I took it up over the Klausen Pass, location of a race for the brave in the 1930s, which, like all the Alpine Passes is a good test of any car, requiring lots of low down torque as you accelerate away from the many tight hairpins, and where the gears will be used lots. Also like the 147, the gearlever here is quite long and a bit wand like, but the actual change quality is good, and the lever does slot neatly into gear, as I would find out when going between 2nd and 3rd a lot on the ascent. The only exception to this was getting into reverse, which proved surprisingly stiff. Again overall this was better here than in that 147. The torque characteristics of the diesel were perfect for this sort of road, and I was also able to enjoy the other driving characteristics, notably the quick steering, just 2.2 turns from lock to lock, the good levels of grip and the good handling. The downside of that quick steering is that the turning circle is not small, so manoeuvering and turning will require more space or more back and forth than you might expect. Having owned a couple of Alfa models, I was well used to this. The brakes get a good test on roads like these, too, and those of this Alfa were not found wanting. What impressed me even more was that even though this was a truly sporty car to drive, it also ticked all the liveability boxes. It rode well, and noise levels were low, important attributes for the daily commute. Like many coupe designs, visibility can be a challenge. The rear window is quite steeply angled, so you cannot see the back of the car, but the tail is fairly short beyond the base of the rear window. Perhaps of more concern was the over-the-shoulder view which was not good, meaning care was required at oblique junctions.

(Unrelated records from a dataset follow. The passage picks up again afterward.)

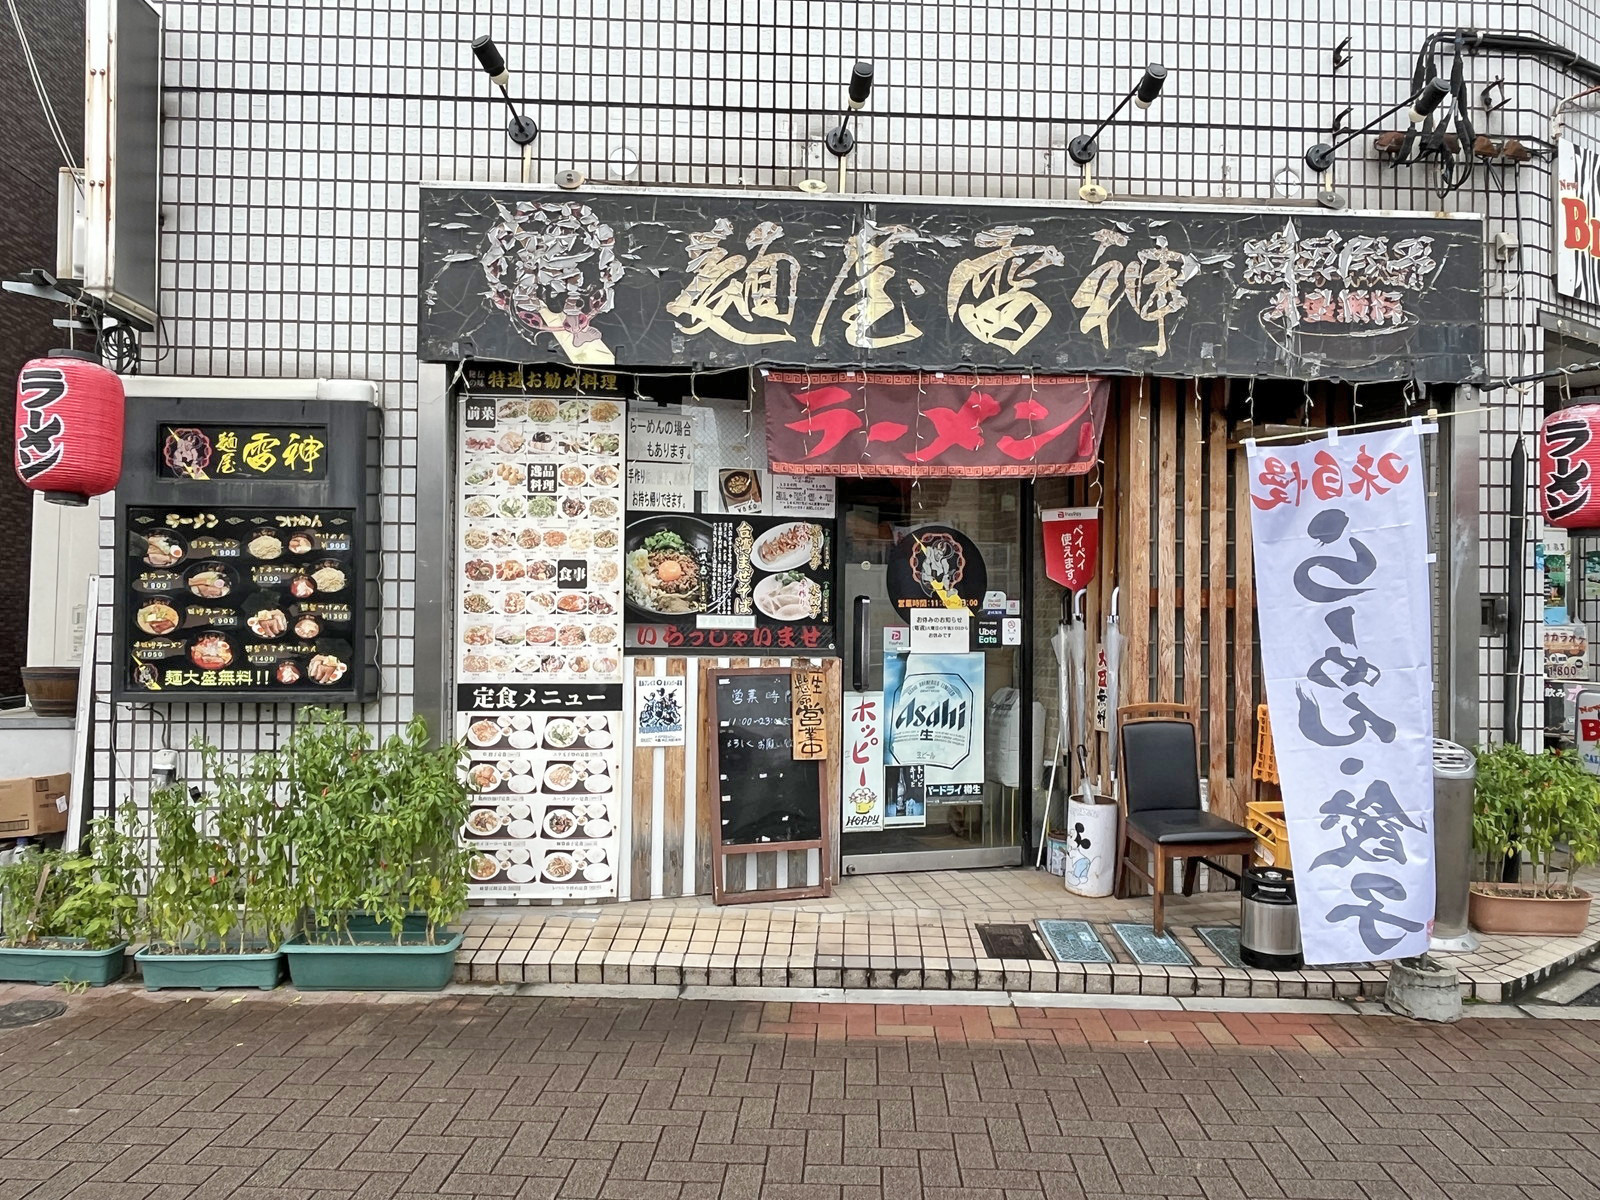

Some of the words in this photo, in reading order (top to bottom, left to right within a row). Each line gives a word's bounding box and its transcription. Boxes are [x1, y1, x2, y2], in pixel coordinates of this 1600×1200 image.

[1560, 180, 1578, 194] New
[487, 370, 619, 391] 特選お勧め料理
[467, 405, 495, 421] 前菜
[18, 369, 65, 482] ラーメン
[630, 417, 691, 437] らーめんの場合
[784, 385, 1092, 462] ラーメン
[215, 431, 242, 473] 麺屋
[243, 432, 324, 473] 雷神
[1545, 419, 1592, 521] ラーメン
[530, 478, 555, 492] 料理
[165, 513, 219, 529] ラーメン
[275, 514, 323, 528] つけめん
[1073, 524, 1086, 571] ペイペイ
[733, 520, 754, 615] 台湾まぜそば
[1061, 533, 1077, 585] 使えます。
[252, 575, 279, 583] ¥1000
[558, 566, 587, 582] 食事
[916, 616, 963, 624] お休みのお知らせ
[636, 625, 822, 648] いらっしゃいませ
[978, 627, 997, 636] Uber
[978, 636, 998, 644] Eats
[164, 670, 269, 686] 麺大盛無料!!
[472, 686, 607, 709] 定食メニュー
[895, 697, 967, 731] Asahi
[795, 702, 825, 757] 営業中
[919, 729, 934, 741] 生
[851, 697, 879, 787] ホッピー
[963, 784, 981, 795] 樽生

There are revised instrument graphics, with a plenty of red featuring, and a different texture to the main moulding, but otherwise the dashboard is essentially the same as you will find in a 147, and that is generally no bad thing. There is a chunky leather-wrapped steering wheel which was pleasant to hold. Combine that with the metallised gear knob, the use of metal-effect inlays around the gearlever and outer air vents, along with the drilled pedals and the use of two colours for the leather on the seats and the door casings and the interior looks like something special. The instruments are presented in a single group under a curved binnacle, with two larger dials for the speedometer and rev counter mounted so their top is lower than the central pair of water temperature and fuel gauge which sit between them and above the trip computer display area. The dials are clearly marked with lots of red colouring. There are chunky column stalks for the indicators, wipers and lights. The steering column boss has audio repeater and cruise control buttons. There is what looks almost like a separate pod high in the centre of the dash with air vents in it, much as was fitted to late model 156s. Beneath this is the audio unit, which has some very small buttons on it, which required real precision to operate – they really were too small even for my one-time pianist’s fingers. Two pop-out cup holders sit below this and then at the base of the central are of the dash are the three dials for the climate control. Although these look to be of rotary type, you press buttons which are set within them, again a bit fiddly. The quality of the materials used and the way they all fitted together was good.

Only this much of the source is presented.